After preparing around 400 lines of data, I imported it into the Colab space and adjusted the dataset code accordingly:

from datasets import load_dataset
-dataset = load_dataset("philschmid/guanaco-sharegpt-style", split = "train")
+dataset = load_dataset("json", data_files={"train": "./full.jsonl"}, split = "train")
dataset = dataset.map(formatting_prompts_func, batched = True,)

Run the Fine-Tune

Using Unsloth's Colab notebook, I successfully ran a full fine-tune job locally on an RTX 3060 GPU with 12GB VRAM. After the fine-tuning process, I exported the model (near the end of the notebook):

-if False: model.save_pretrained_gguf("model", tokenizer, quantization_method = "q5_k_m")
+if True: model.save_pretrained_gguf("model", tokenizer, quantization_method = "q5_k_m")

This produced a model-unsloth.gguf file in my directory. Downloading it was exhilarating.

Out of Memory?

If you're OOM (out-of-memory) while saving the model, you can kill the python process being used by the Colab container (use nvidia-smi to find the PID.)

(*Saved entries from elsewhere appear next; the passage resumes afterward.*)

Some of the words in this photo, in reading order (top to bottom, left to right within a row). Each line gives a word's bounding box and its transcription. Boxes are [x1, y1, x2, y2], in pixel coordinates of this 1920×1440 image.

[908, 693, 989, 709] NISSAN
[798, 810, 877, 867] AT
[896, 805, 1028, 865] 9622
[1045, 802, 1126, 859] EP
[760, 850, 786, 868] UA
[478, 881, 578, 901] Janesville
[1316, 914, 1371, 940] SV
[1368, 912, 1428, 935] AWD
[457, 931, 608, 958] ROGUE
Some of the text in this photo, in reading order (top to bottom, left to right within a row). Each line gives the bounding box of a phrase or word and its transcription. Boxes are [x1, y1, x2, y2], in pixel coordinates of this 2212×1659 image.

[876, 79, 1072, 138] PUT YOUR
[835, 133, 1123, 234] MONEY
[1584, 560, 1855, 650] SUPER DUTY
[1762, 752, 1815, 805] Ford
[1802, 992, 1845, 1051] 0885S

To pick up where you left off, add these lines right before the save_pretrained_gguf function from above...

# run the notebook for this cell only
from unsloth import FastLanguageModel
model, tokenizer = FastLanguageModel.from_pretrained("lora_model")

if True: model.save_pretrained_gguf("model", tokenizer, quantization_method = "q5_k_m")

Inferencing

Fine-tuning was only half the battle. Running Llama3 was another can of worms. Initially I tried Ollama, but that hasn't been updated yet. vLLM has been updated, but I used llama.cpp on my development machine because I thought it would have a nice UI.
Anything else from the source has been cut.